Wednesday, January 24, 2007
The U. S. vs. John Lennon
The After Hours Film Society packed the Tivoli Theater in Downers Grove for its showing of The U.S. vs. John Lennon. Around one hundred people stayed for the discussion late Monday night.
"Does it bother you that Yoko approved all the content of this film?" asked one of the discussion leaders. "No," one man answered, "we are usually given the other side. This was tribute, not journalism." The group of mostly Lennon fans agreed. They wished we had a figure like Lennon today.
The U.S. vs. John Lennon starts in Ann Arbor, Michigan at a rally for the release of John Sinclair, a marijuana advocate who was sentenced to two years in prison for possession. Up on the stage with anti-war activists like Jerry Rubin and Bobby Seale, Lennon sings a song he has composed for the occasion. The Nixon administration takes notice, and J. Edgar Hoover assigns F.B.I. agents to follow the musician.

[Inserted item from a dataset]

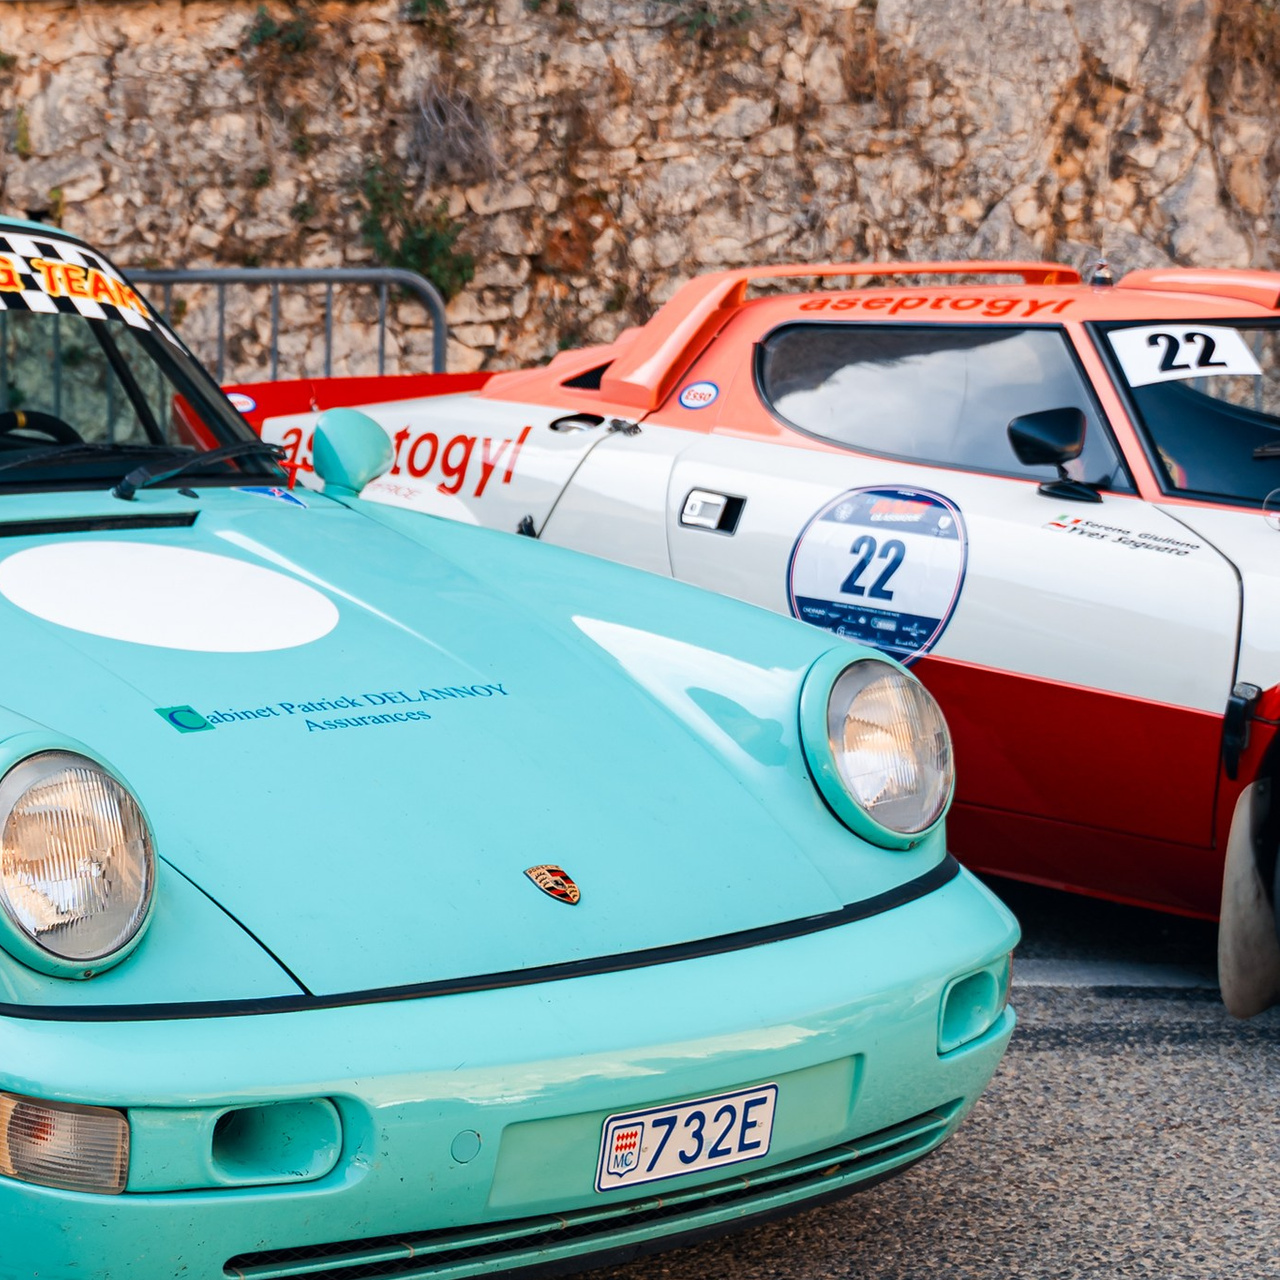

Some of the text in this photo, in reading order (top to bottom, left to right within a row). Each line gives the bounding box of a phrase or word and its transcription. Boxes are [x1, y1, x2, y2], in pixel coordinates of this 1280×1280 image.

The film then turns back to Lennon's youth and his career with the Beatles, showing how he was always stirring controversy. With statements about religion, use of drugs, and criticism of the Vietnam War, he irked American conservatives who held bonfires to burn Beatles albums, photos, and collectibles. He marries performance artist Yoko Ono, and, under hand printed "Make Love Not War" signs, they spend a week-long honeymoon in Amsterdam in bed surrounded by reporters and followers. Denied entry into the U.S., the couple repeated the in-bed protest in Montreal under the lights of American television.
Lennon and Ono are then allowed into the U.S. and settle in New York, where they start appearing on Dick Cavett's talk show, recording anti-war songs, and meeting American radicals. For Christmas, the couple covers the city (and 11 other international cities) with billboards saying "War is Over ... If You Want, Merry Christmas, John and Yoko." Because they are stirring such trouble, the Immigration Service starts deportation hearings against John, who was arrested for marijuana possession in London years earlier. The latter part of the film focuses on Lennon's efforts to stay in the U.S.
In addition to film of the period and a soundtrack of Lennon music, The U.S. vs. John Lennon is full of recent interviews with newsmen, activists, writers, and government agents of the time. Walter Cronkite, George McGovern, Gore Vidal, Tommy Smothers, and Angela Davis are among thirty plus interviewees. John Dean and a couple of F.B.I. agents seem contrite, ruing what they did. Only G. Gordon Liddy maintains the Nixon administration was doing the right thing with its "dirty tricks."
The DVD of The U.S. vs. John Lennon with 50 minutes of additional scenes will be released February 13. Many libraries should add it to their collections and consider it for discussions.